Consider a sparse matrix $\mathbf{A} \in \mathbb{C}^{M \times N}$ that has only one non-zero element, and two given constant matrices $\mathbf{B}_1 \in \mathbb{C}^{M \times L}$ and $\mathbf{C}_1 \in \mathbb{C}^{N\times L}$, where $L \leq N \ll M$. We know that there exists $\mathbf{B}_2 \in \mathbb{C}^{M \times L}$ and $\mathbf{C}_2 \in \mathbb{C}^{N \times L}$ for which
$$\mathbf{A} = \mathbf{B}_1\mathbf{C}_2^* + \mathbf{B}_2\mathbf{C}_1^* + \mathbf{B}_2\mathbf{C}_2^* \:,$$
where $(\cdot)^*$ is the transpose conjucate operator. Any way to find closed-form expression for $\mathbf{B}_2$ and $\mathbf{C}_2$?

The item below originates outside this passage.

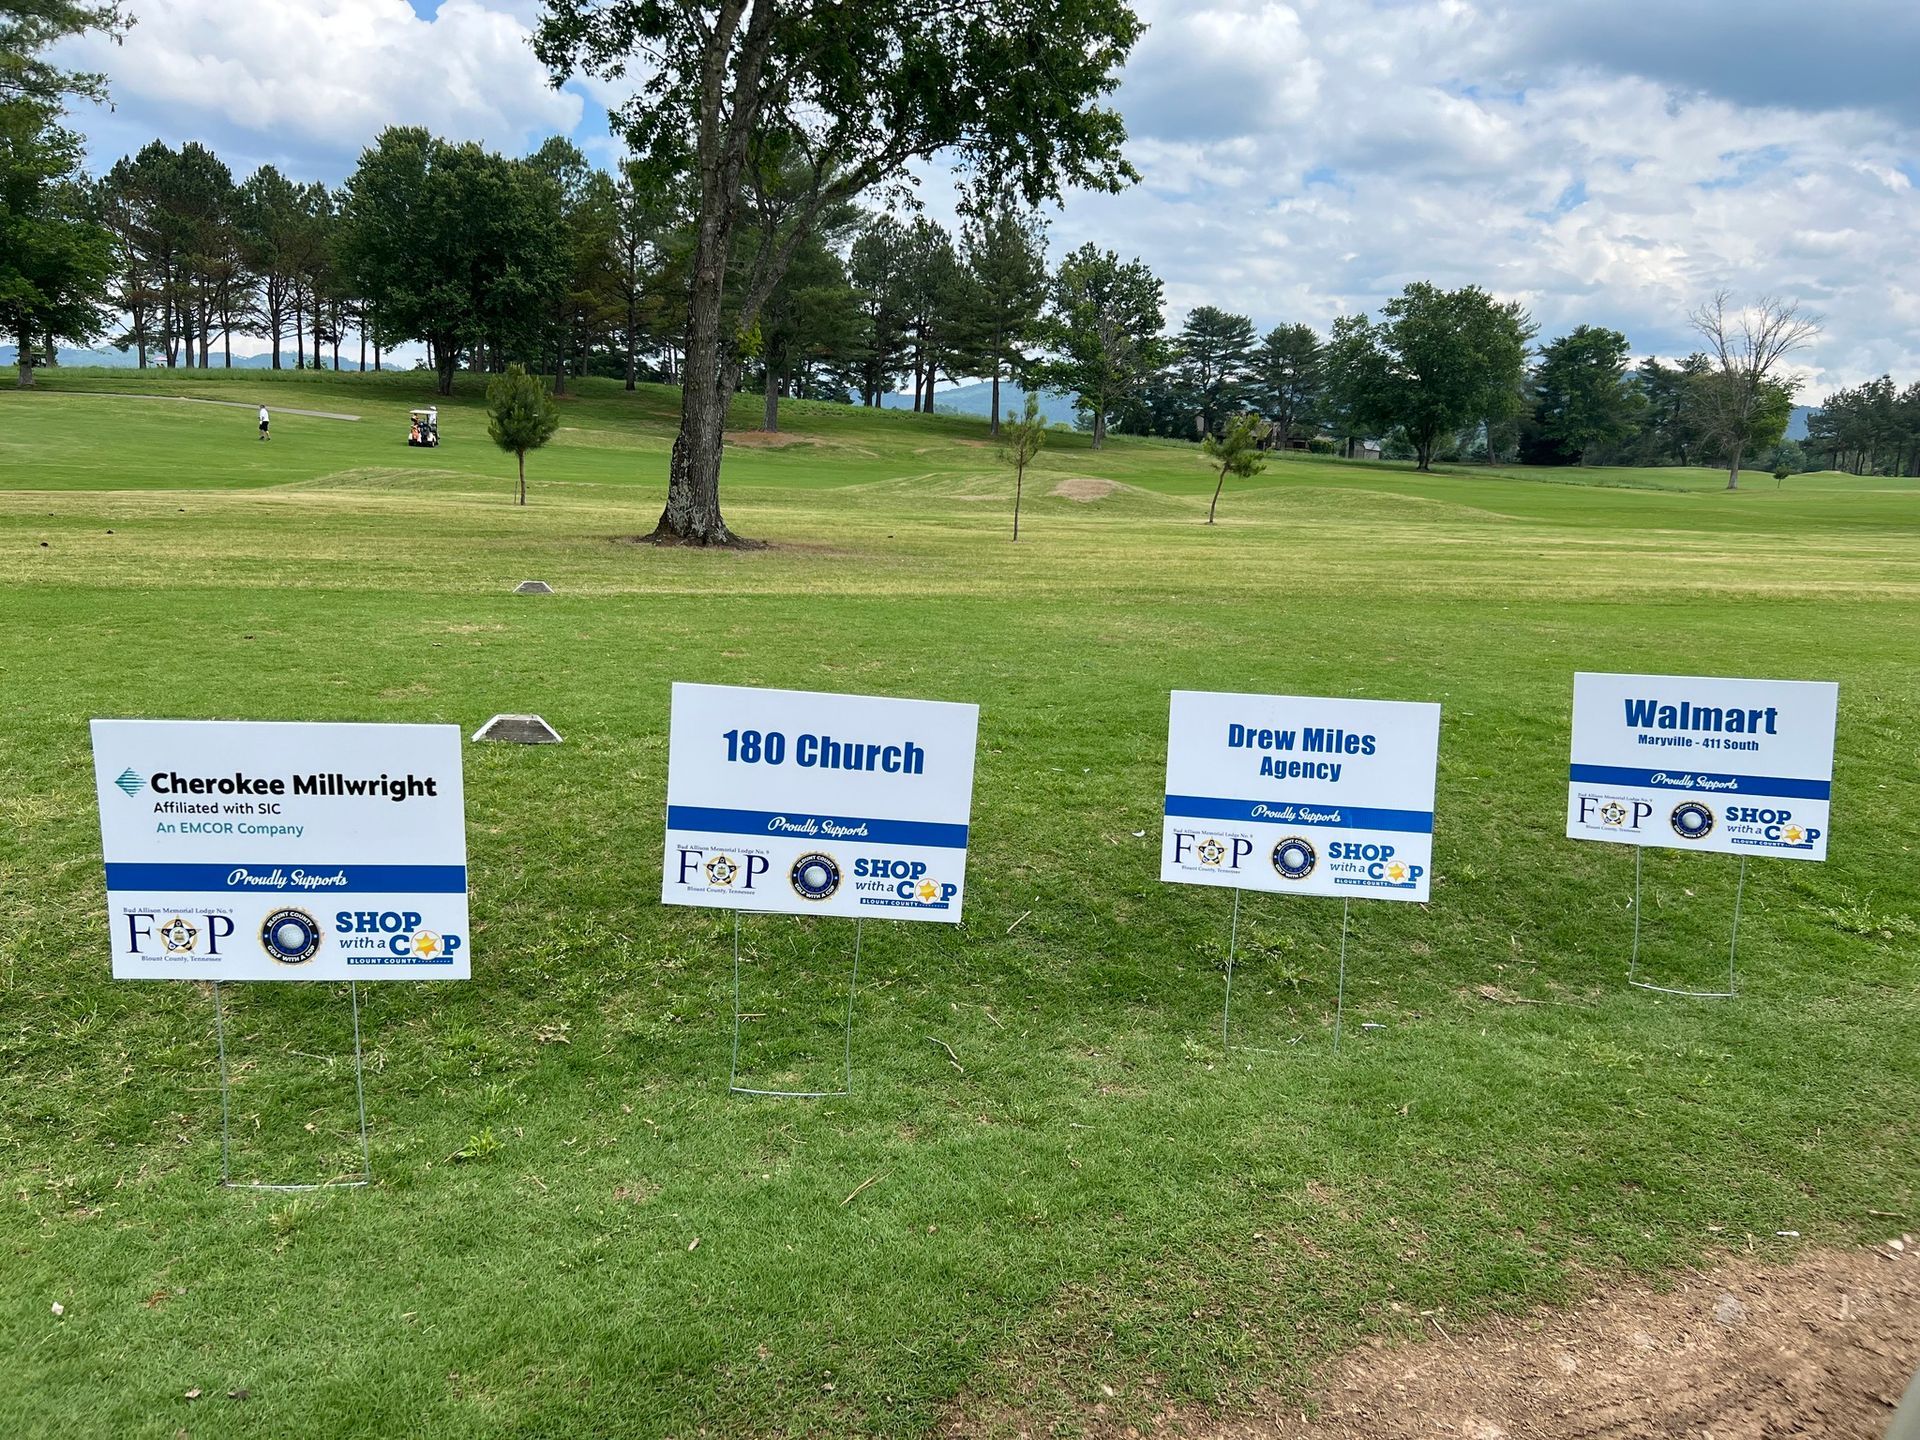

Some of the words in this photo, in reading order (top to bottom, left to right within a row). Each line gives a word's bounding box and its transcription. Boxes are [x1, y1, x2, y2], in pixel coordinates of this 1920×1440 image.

PS: It may be posed as an optimization problem like $$\mathrm{arg}\min_{\mathbf{B}_2,\mathbf{C}_2}~\|\mathbf{A} - \mathbf{B}_1\mathbf{C}_2^* - \mathbf{B}_2\mathbf{C}_1^* - \mathbf{B}_2\mathbf{C}_2^*\|_F^{2},$$ but it ends up being non-convex, and therefore no strong guarantee for alternating-type algorithms unless we show that a local optimal is actually a global optimal point.
Write your equation as
$$A + B_1 C_1^* = (B_1 + B_2)(C_1 + C_2)^*$$
Now the right side has rank at most $L$, but the left side could have rank $L+1$, in which case there is no solution.

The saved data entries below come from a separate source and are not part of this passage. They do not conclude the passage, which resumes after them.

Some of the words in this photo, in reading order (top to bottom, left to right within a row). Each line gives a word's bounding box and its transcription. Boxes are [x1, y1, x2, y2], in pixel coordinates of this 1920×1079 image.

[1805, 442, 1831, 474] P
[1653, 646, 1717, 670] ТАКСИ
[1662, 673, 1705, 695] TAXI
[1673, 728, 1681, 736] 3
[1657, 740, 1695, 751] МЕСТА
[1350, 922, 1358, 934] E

EDIT: Suppose $A + B_1 C_1^* \in \mathbb C^{M \times N}$ has rank $r \le L$. Its singular value decomposition is $U \Sigma V^*$ where $U$ and $V$ are unitary and $\Sigma$ is a diagonal matrix with $r$ positive elements (which may be taken to be the first $r$) and the rest $0$. Then we may take $B_1 + B_2$ and $C_1 + C_2$ to be the first $L$ columns of $U \Sigma$ and of $V$ respectively.